→ Exercise brief: Using the listing below, give the number of lines where "words" appears, and nothing else.

→ Extracted records:
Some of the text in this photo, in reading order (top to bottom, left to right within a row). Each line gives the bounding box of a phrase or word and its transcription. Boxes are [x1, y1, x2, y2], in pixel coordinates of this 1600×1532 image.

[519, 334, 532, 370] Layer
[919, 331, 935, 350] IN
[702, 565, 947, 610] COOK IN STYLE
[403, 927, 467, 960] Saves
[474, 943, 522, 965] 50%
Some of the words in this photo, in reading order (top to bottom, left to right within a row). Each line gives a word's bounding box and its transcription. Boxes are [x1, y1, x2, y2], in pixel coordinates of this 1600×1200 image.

---

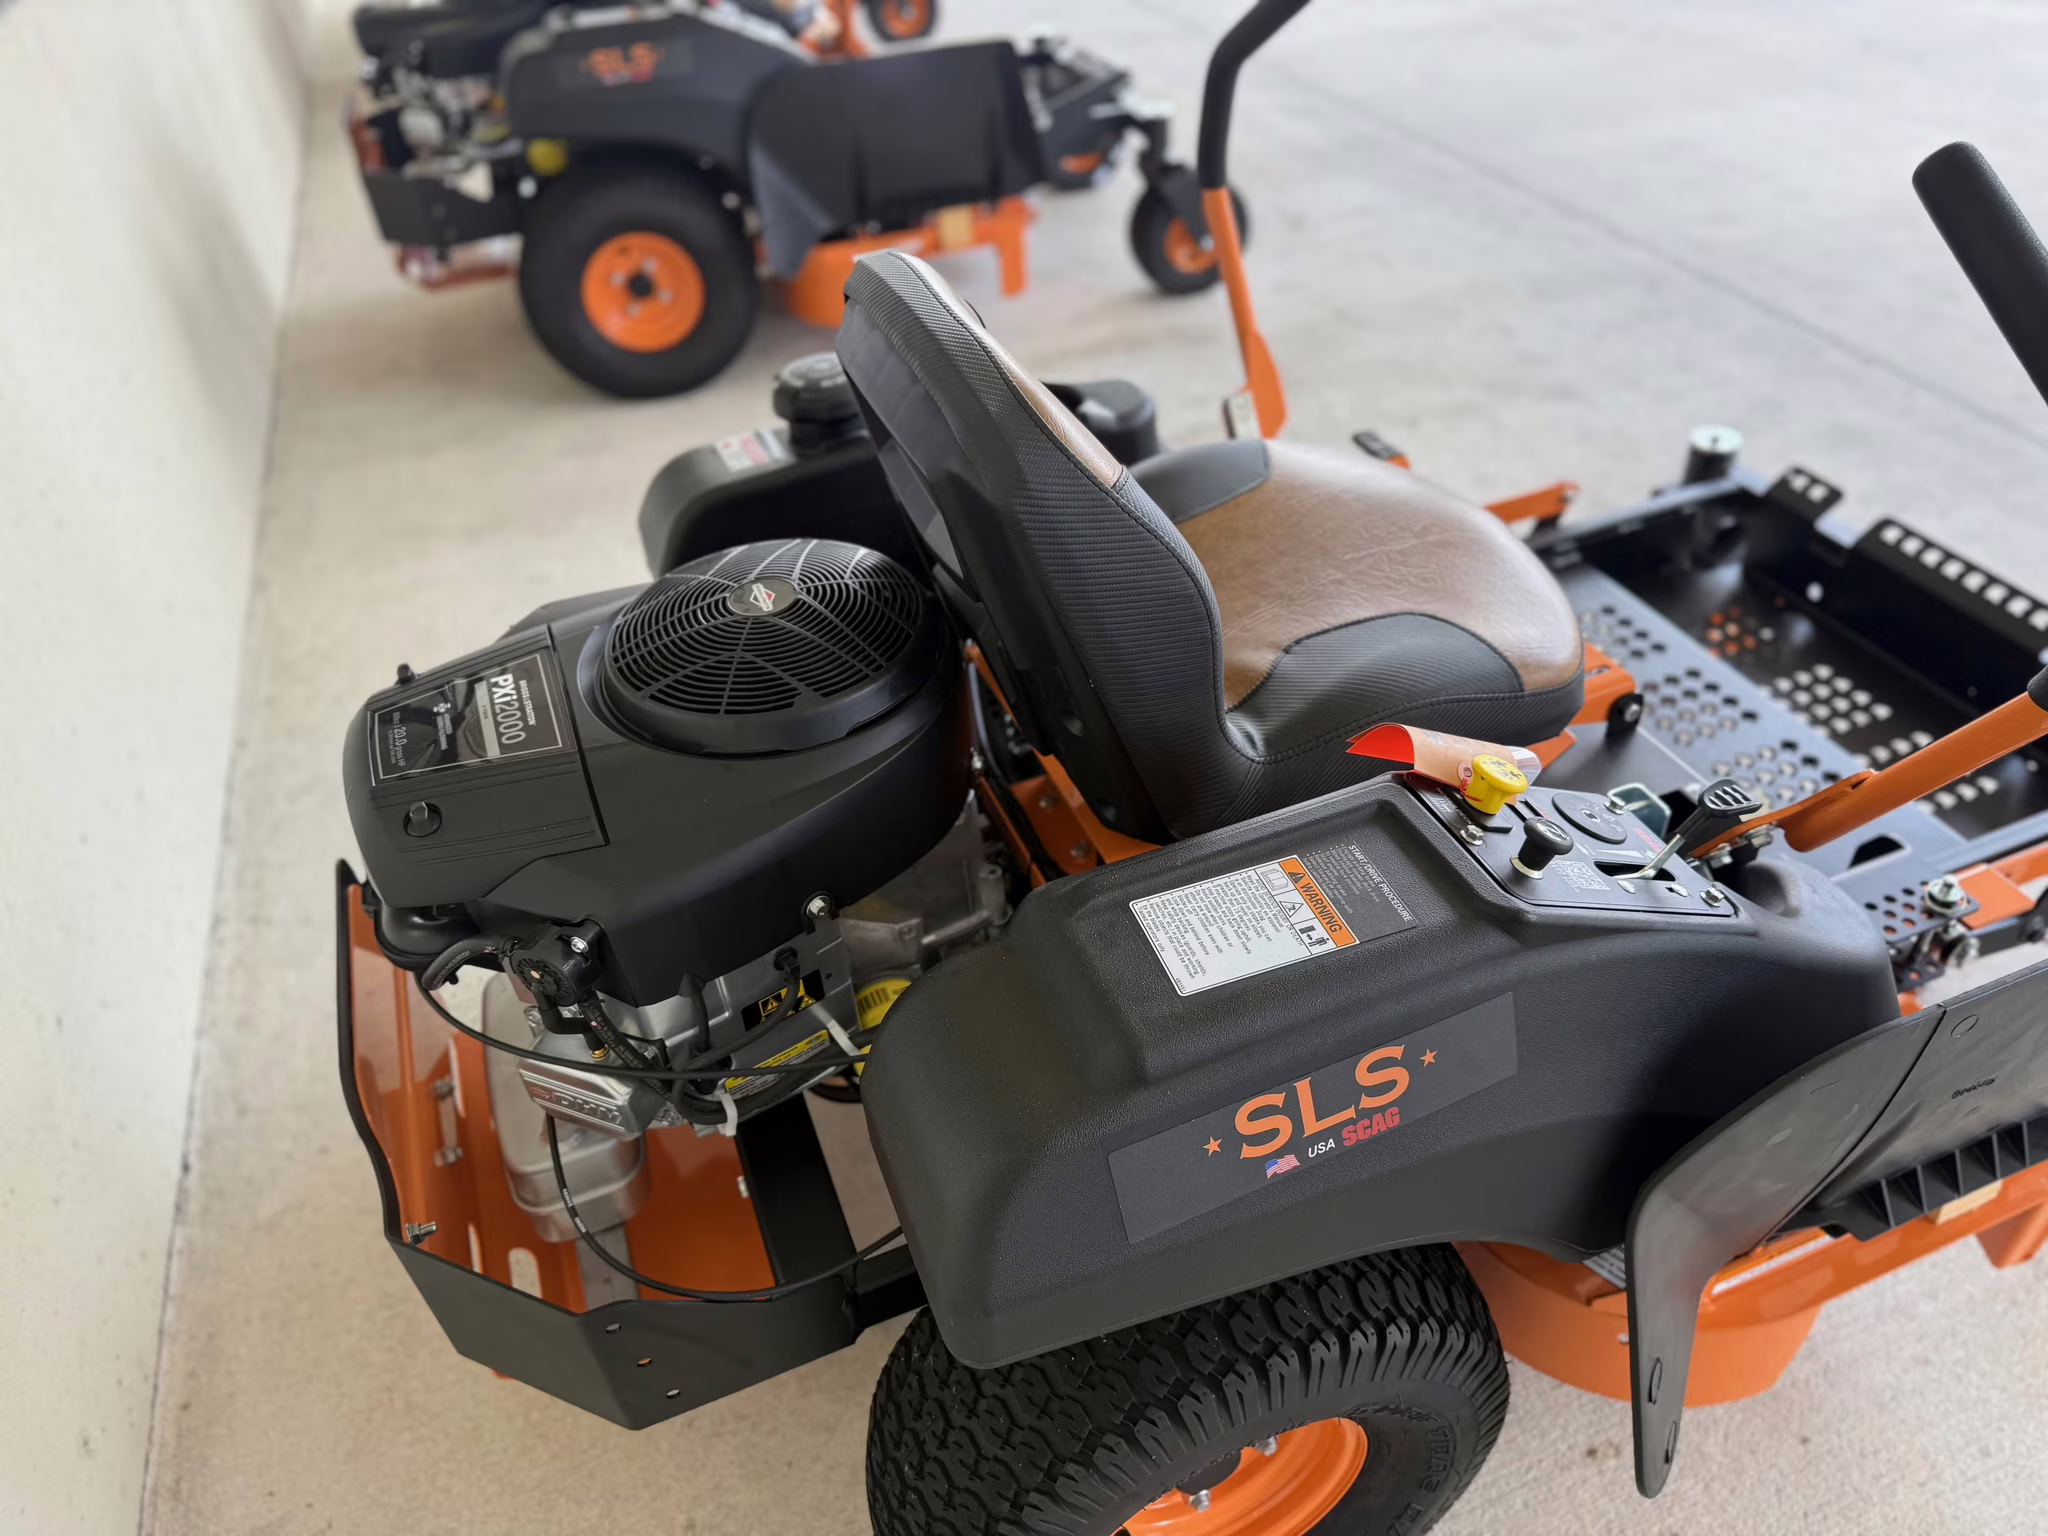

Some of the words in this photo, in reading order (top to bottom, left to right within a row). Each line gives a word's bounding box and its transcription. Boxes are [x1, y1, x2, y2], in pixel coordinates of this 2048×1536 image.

→ Exercise output: 2